The Angels’ clubhouse looking like a MASH unit at times was one big factor, but so was this:
2. CHARLIE BROWN-LIKE PITCHING (outside of Weaver and C.J. Wilson)
Wilson, the left-hander who came to Anaheim as a free agent the same year Pujols did, was by far and away the Halos’ best pitcher as he led in wins (17) and strikeouts (188) to go with his solid 3.39 ERA.
Jason Vargas managed a winning record at 9-8, and Garret Richards and Jerome Williams did their best in going a combined 16-18 to round out the starting rotation.
Ernesto Frieri saved 37 out of 41 games, which no one can argue with, but it was his blown saves in Texas at the end of July which was the iceberg to his season, as was his 3.80 ERA – WAY too high for a closer – and his 11 home runs given up, including two on Sunday. If the Angels are going to be contenders next year and beyond, he needs to do better.
I know that it has seemed that I’ve been picking on this guy, and I’m sure that he’s a perfectly decent human being, but…
When it comes to Joe Blanton’s pitching ability, the right-hander was the poster boy for everything that went wrong with that staff in 2013.
I think these numbers bear my contention well:
- A 6.04 ERA, the highest among all American League starters,
- A record of just two wins and 14 losses; if that was not the worst winning percentage in the A.L., I’d very much like to know what was,
- 29 home runs and 180 hits given up in 132 and 2/3 innings.
Things got so bad for Blanton, who got a two-year, $15 million dollar deal in December, that he pitched only once after August 20 as it seemed at times that little leaguers could hit him.

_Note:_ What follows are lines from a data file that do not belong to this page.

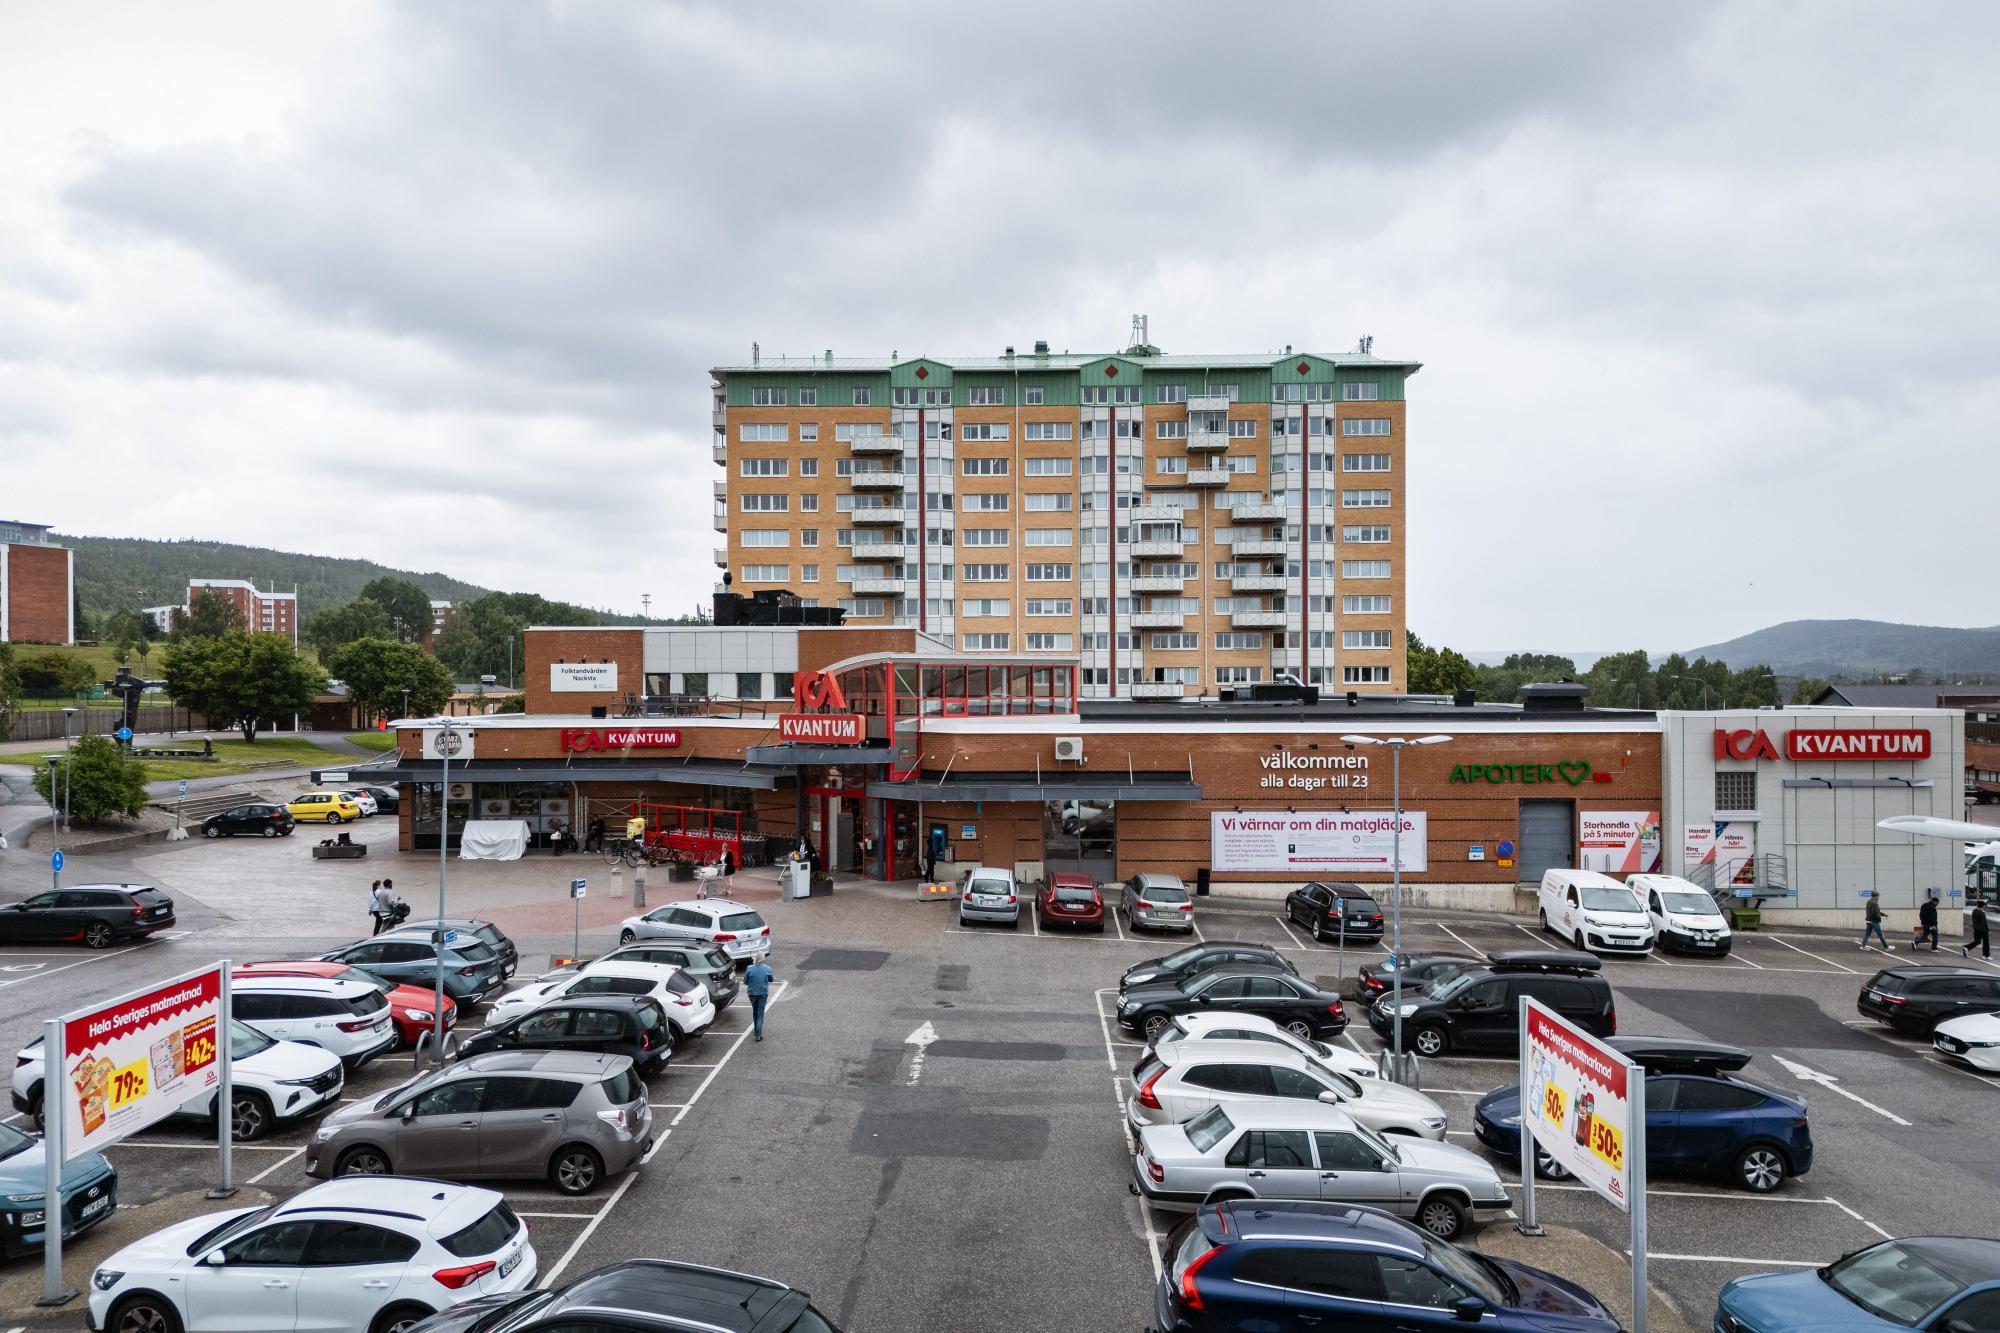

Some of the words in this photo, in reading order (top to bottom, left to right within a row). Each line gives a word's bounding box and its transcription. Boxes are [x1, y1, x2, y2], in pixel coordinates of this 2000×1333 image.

[793, 669, 848, 712] ICA
[783, 719, 856, 737] KVANTUM
[561, 728, 606, 752] ICA
[608, 733, 676, 744] KVANTUM
[1714, 729, 1781, 761] ICA
[1796, 735, 1923, 753] KVANTUM
[1260, 751, 1369, 769] välkommen
[1260, 773, 1284, 788] alla
[1288, 773, 1327, 791] dagar
[1331, 773, 1348, 788] till
[1352, 775, 1368, 788] 23
[1450, 763, 1555, 784] APOTEK
[1221, 818, 1236, 831] Vi
[1239, 818, 1286, 831] värnar
[1289, 821, 1312, 831] om
[1315, 818, 1337, 831] din
[1583, 821, 1630, 829] Storhandla
[1583, 830, 1595, 839] på
[1603, 830, 1635, 838] minuter
[89, 1018, 112, 1038] Hela
[113, 1005, 150, 1029] Sveriges
[150, 983, 203, 1014] matmarknad
[1538, 1020, 1550, 1040] Hela
[1550, 1028, 1573, 1054] Sveriges
[1572, 1045, 1612, 1080] matmarknad
[114, 1071, 144, 1104] 79:-
[1597, 1122, 1623, 1162] 50:-

3. SUB-PAR HITTING FROM TOO MANY KEY PLAYERS
The two that come to mind in this category are Mark Trumbo and super free agent Josh Hamilton.
If you judge strictly from power stats, Trumbo had a good year as he led the Angels in homers and RBIs with 34 and 100, respectively.

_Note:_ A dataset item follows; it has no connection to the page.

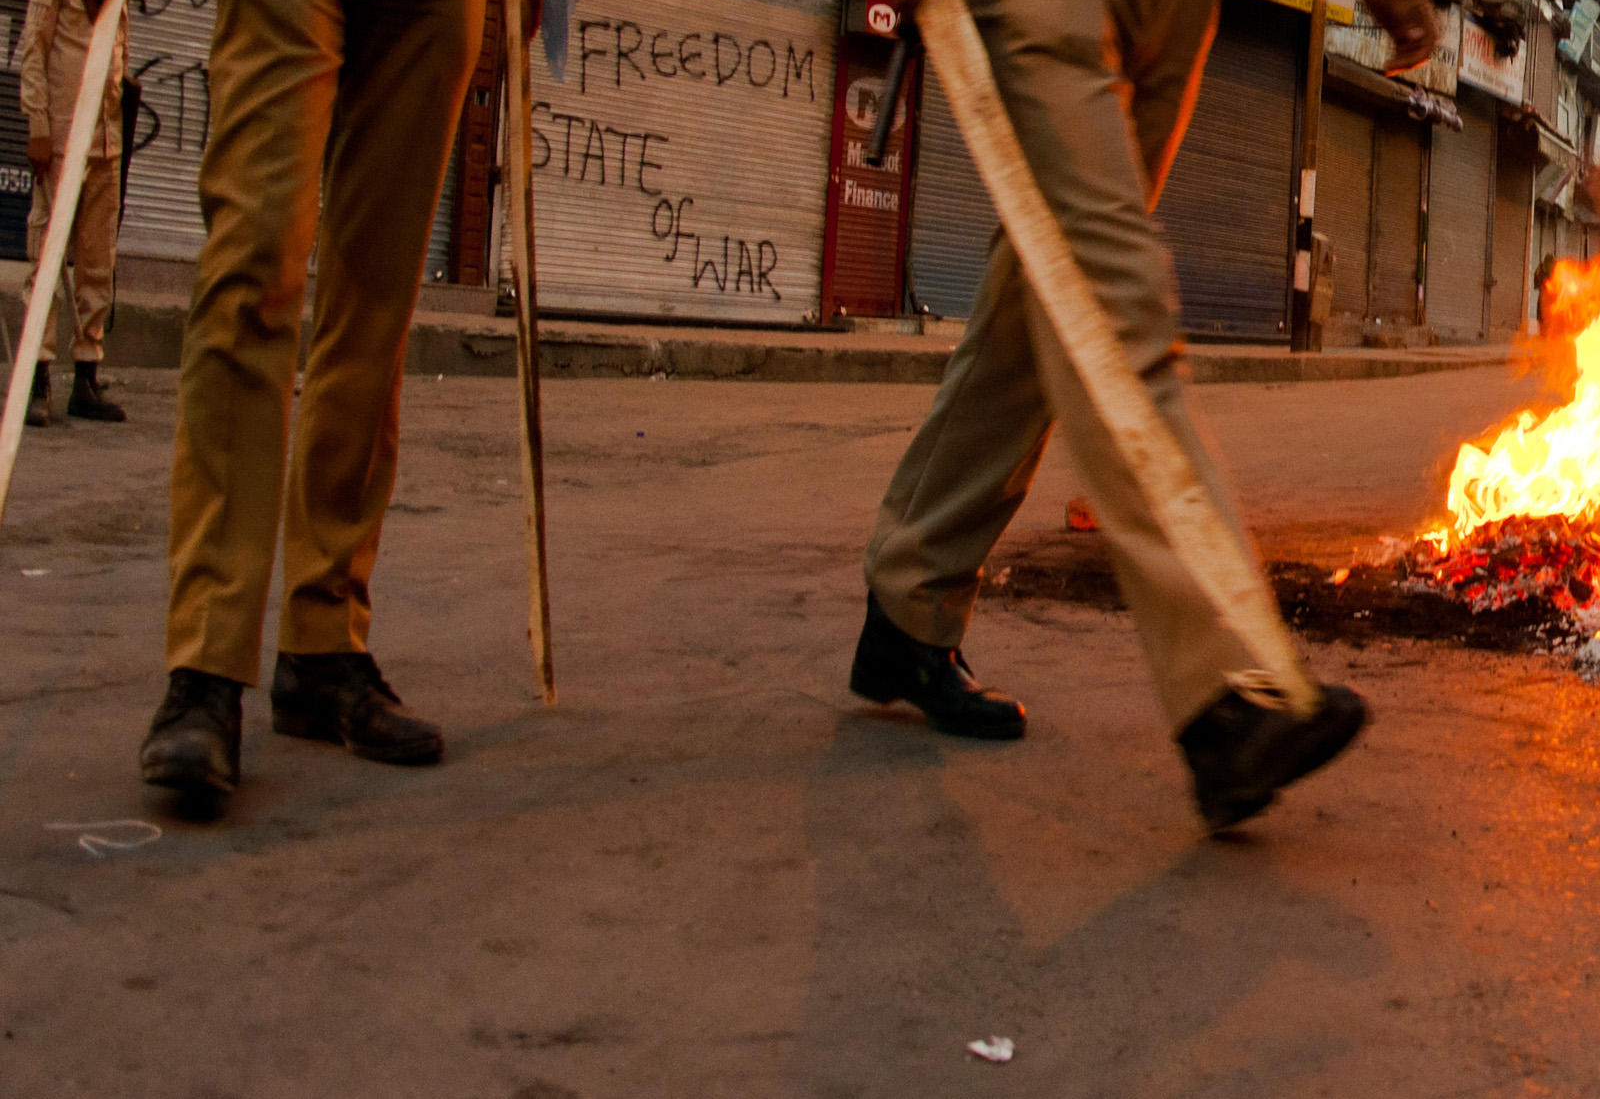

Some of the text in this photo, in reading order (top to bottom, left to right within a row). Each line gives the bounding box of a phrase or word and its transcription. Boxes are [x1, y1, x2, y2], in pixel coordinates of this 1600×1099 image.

[579, 19, 816, 102] FREEDOM
[531, 101, 669, 196] STATE
[844, 179, 899, 212] Finance
[692, 235, 782, 301] WAR

However, a good hitter’s average is just as important as his dingers and ribbies, if not more, and with his paltry .234 average and 184 strikeouts – which likewise led the team – I’m officially calling the first baseman/DH/outfielder’s 2013 season a disappointment as his sweeping swing indicates more season to come where he will either hit the ball out of sight of look bad striking out.
The same goes for Hamilton as for much of the season, lefties with good breaking stuff easily sent the outfielder back to the dugout as he missed badly at outside sliders in the dirt time and time again, failing to lay them off in totaling 158 strikeouts.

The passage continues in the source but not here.